→ **Goal of the exercise**:
Without the images, reproduce every entry exactly.

### Raw data ###

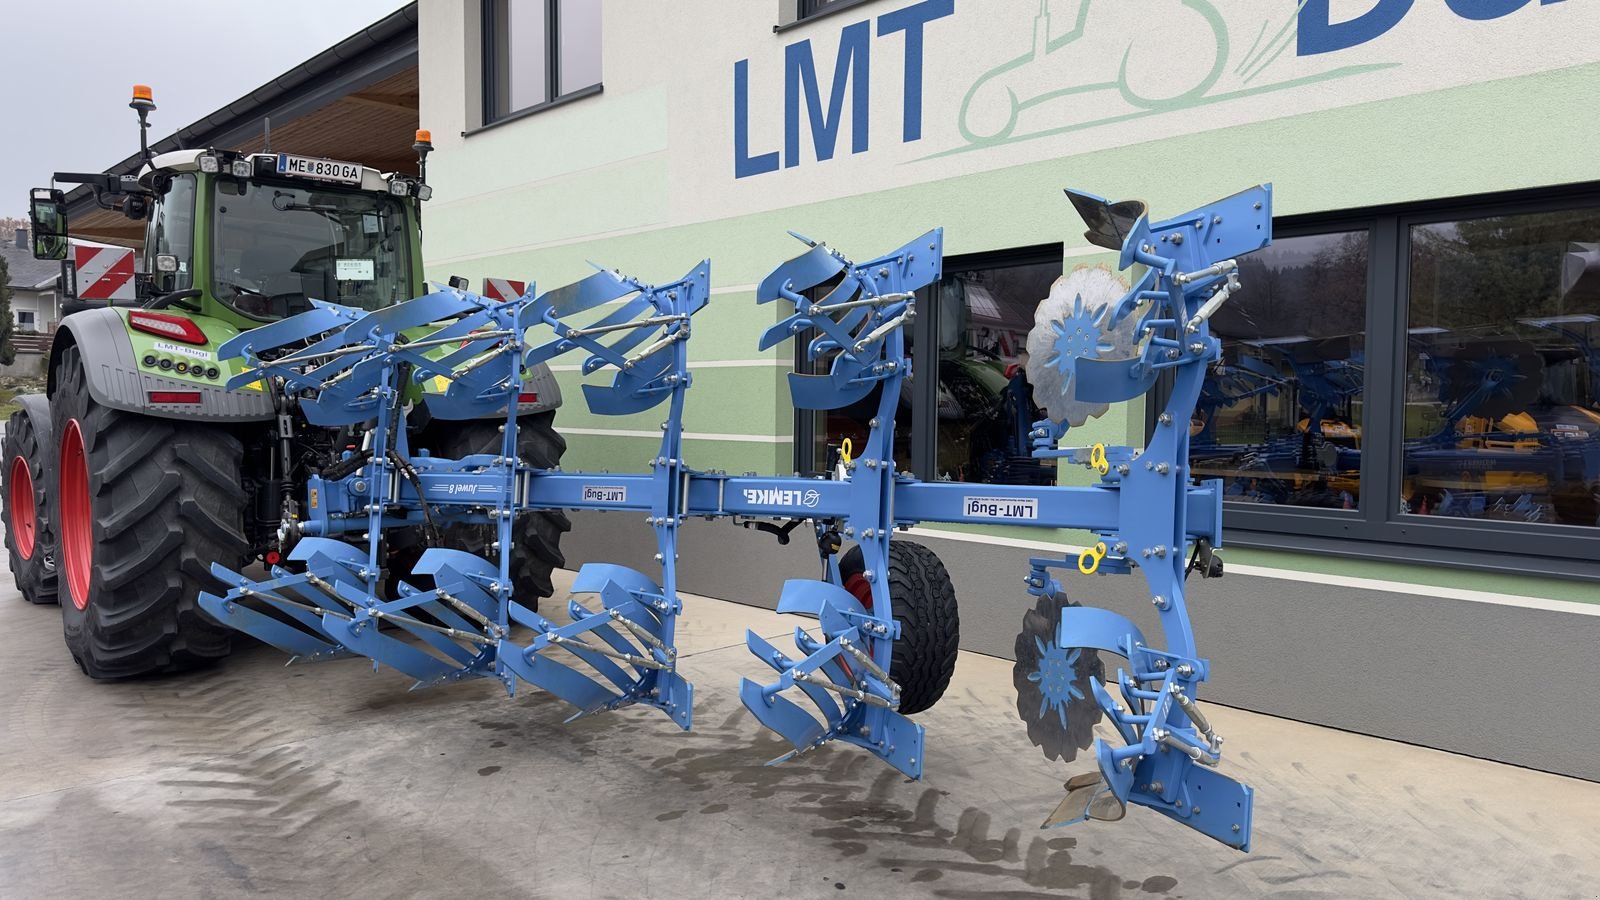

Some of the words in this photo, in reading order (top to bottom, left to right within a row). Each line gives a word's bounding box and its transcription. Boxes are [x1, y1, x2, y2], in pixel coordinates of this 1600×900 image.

[734, 0, 955, 180] LMT
[289, 158, 306, 172] ME
[316, 162, 340, 177] 830
[342, 165, 358, 179] GA
[448, 484, 455, 494] 8
[454, 484, 478, 495] Juwel
[584, 488, 624, 501] LMT-Bugl
[967, 500, 1034, 518] LMT-Bugl
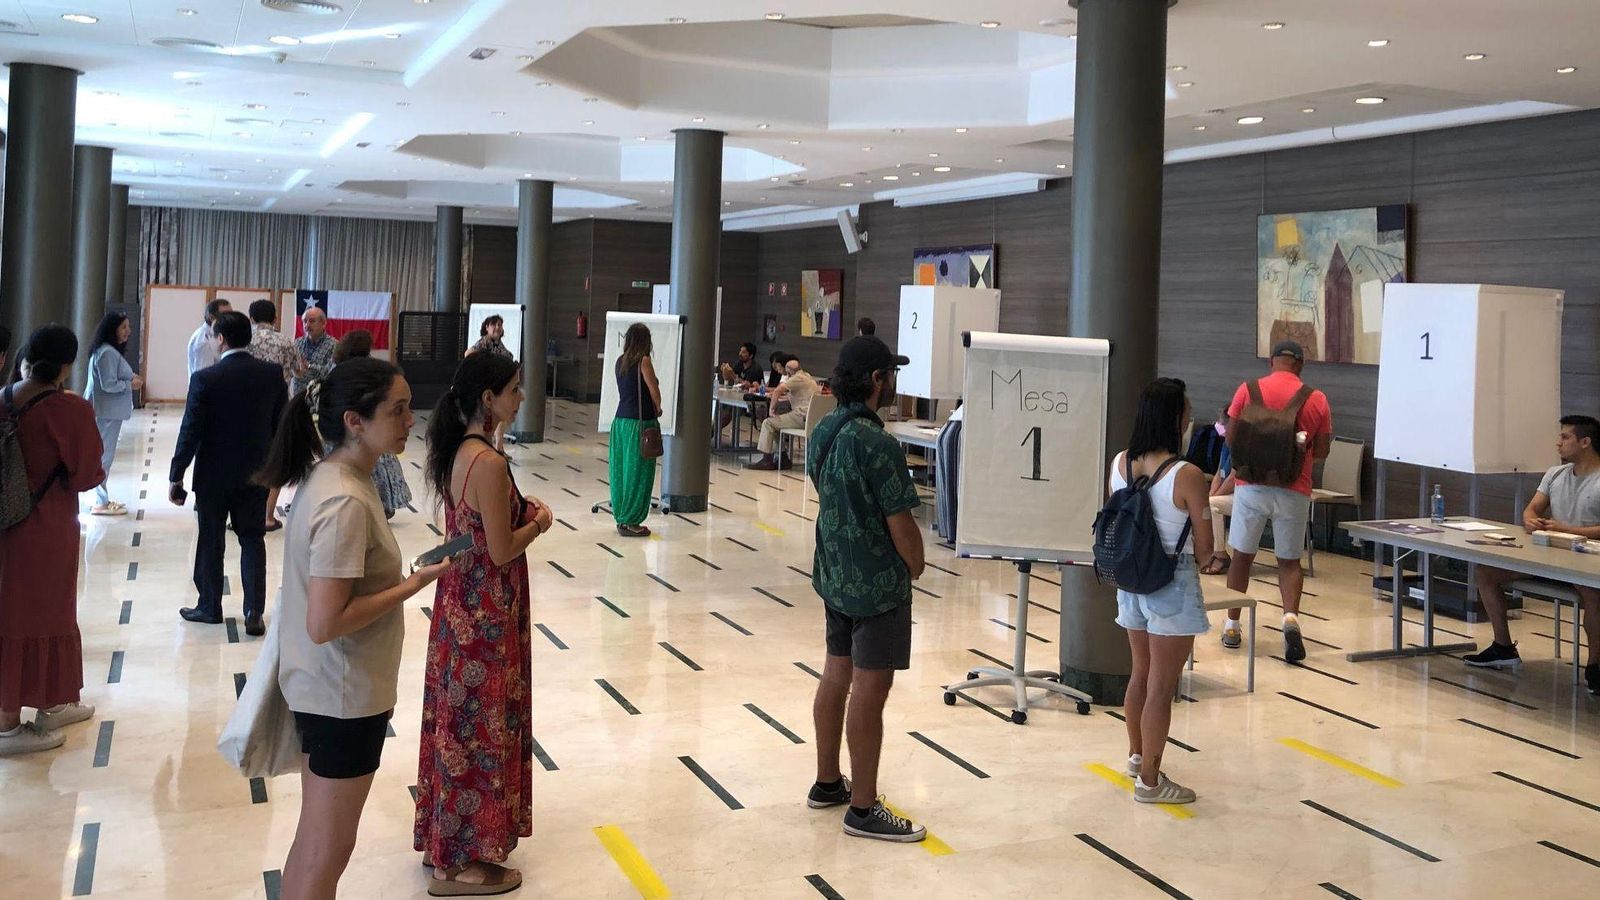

###

→ **Output for this exercise**:
Some of the words in this photo, in reading order (top to bottom, left to right within a row). Each line gives a word's bounding box and its transcription. Boxes are [x1, y1, x2, y2], in pixel coordinates of this 1600×900 image.

[734, 0, 955, 180] LMT
[289, 158, 306, 172] ME
[316, 162, 340, 177] 830
[342, 165, 358, 179] GA
[448, 484, 455, 494] 8
[454, 484, 478, 495] Juwel
[584, 488, 624, 501] LMT-Bugl
[967, 500, 1034, 518] LMT-Bugl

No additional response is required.